You can make my Chess Pie with all sorts of variations … I’ve used orange juice and zest instead of lemon; with the orange flavored filling I’ve put chocolate chips on the bottom. Dried berries, like cranberries, cherries or blueberries, are also good. Pears peeled and sliced to fan out in the tart pan also work. If you just use a little bit of fruit you get something that resembles a clafoutis. Lots of fruit? You get a definite fruit pie. It’s a very easy pie to make — and since I use the processor for crust and filling, it’s very fast as well.
I bake this pie in a 10-inch tart pan with a removable bottom; it also works in a deeper 9-inch pie pan.

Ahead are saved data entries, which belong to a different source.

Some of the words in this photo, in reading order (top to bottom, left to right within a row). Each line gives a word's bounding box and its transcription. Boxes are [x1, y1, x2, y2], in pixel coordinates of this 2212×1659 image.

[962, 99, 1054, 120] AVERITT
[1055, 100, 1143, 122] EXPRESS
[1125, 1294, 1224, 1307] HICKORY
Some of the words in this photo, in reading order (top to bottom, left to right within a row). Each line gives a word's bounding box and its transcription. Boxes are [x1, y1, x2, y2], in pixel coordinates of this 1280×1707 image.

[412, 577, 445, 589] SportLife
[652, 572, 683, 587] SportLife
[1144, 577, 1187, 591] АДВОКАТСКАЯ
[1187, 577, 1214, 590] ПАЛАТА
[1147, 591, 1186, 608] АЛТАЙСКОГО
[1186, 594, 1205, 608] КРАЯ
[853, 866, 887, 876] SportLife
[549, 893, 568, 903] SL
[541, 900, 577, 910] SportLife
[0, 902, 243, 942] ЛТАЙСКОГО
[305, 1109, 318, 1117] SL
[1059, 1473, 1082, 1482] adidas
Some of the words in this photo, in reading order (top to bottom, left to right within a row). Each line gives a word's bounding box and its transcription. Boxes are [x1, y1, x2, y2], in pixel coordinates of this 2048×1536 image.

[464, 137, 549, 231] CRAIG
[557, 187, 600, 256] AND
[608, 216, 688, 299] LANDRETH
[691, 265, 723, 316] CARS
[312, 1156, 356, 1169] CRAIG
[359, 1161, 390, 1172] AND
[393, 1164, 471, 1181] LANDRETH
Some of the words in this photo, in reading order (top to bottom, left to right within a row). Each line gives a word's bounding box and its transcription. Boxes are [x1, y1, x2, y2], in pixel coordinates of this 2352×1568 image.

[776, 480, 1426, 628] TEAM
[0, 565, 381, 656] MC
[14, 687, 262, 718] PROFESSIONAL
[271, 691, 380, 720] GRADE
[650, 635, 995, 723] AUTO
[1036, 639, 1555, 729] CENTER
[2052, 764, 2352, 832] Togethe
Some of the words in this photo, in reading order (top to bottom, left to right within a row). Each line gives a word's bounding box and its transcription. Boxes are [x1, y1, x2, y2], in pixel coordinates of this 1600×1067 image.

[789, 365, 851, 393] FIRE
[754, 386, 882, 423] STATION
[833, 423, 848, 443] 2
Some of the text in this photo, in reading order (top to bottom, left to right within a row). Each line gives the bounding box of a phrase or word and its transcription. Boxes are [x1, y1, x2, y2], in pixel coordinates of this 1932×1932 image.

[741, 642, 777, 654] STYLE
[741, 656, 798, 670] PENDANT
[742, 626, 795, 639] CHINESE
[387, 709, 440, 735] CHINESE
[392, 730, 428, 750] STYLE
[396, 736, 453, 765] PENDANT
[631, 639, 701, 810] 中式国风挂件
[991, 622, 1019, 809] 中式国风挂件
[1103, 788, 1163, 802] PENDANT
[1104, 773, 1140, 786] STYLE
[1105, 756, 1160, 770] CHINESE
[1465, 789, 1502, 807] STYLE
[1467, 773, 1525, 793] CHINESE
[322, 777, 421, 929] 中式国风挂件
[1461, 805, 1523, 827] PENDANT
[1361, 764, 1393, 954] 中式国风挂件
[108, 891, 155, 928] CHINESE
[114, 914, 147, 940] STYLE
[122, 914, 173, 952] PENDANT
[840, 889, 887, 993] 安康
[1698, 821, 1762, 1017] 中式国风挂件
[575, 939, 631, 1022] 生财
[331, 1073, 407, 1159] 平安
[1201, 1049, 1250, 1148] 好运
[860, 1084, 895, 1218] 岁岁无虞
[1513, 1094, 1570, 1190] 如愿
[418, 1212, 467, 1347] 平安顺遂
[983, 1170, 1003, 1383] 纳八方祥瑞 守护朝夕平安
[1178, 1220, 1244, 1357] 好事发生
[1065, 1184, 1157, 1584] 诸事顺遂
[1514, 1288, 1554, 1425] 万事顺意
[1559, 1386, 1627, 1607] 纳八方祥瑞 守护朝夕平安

Pie Crust: Use your favorite recipe, try the CIA’s, buy a crust, or try this one:
1 1/2 cups all-purpose flour
2 tablespoons granulated sugar
One stick cold butter, cut into small cubes
Ice water or cold milk.
Put flour, salt and sugar into food processor and pulse to mix.
Add little butter cubes and pulse 8-10 times or until butter bits are quite small.
Sprinkle a tablespoon of ice water over the mixture and pulse.
Add more spoonfuls of water and pulse until the mixture begins to clump.
Dump it out of the machine and gather it together in a disc about an inch thick.
Wrap and refrigerate the pie dough for at least 45 minutes before rolling it out.
The Chess Pie filling: Make this in the processor as well.
1 1/2 cups sugar (makes a very sweet pie but my Gran used two cups)
1/2 stick butter, cut into slices
2 tablespoons cornmeal
Zest from a large lemon
Juice from that lemon (you’ll need 1/4 cup liquid, add water or milk if you need to)
Put all ingredients into the processor and run it until the filling is well-mixed.
Scatter blueberries over the bottom of the uncooked pie crust — you want a single layer, probably less than a pint.
Pour the filling over the berries, being careful not to overfill the crust.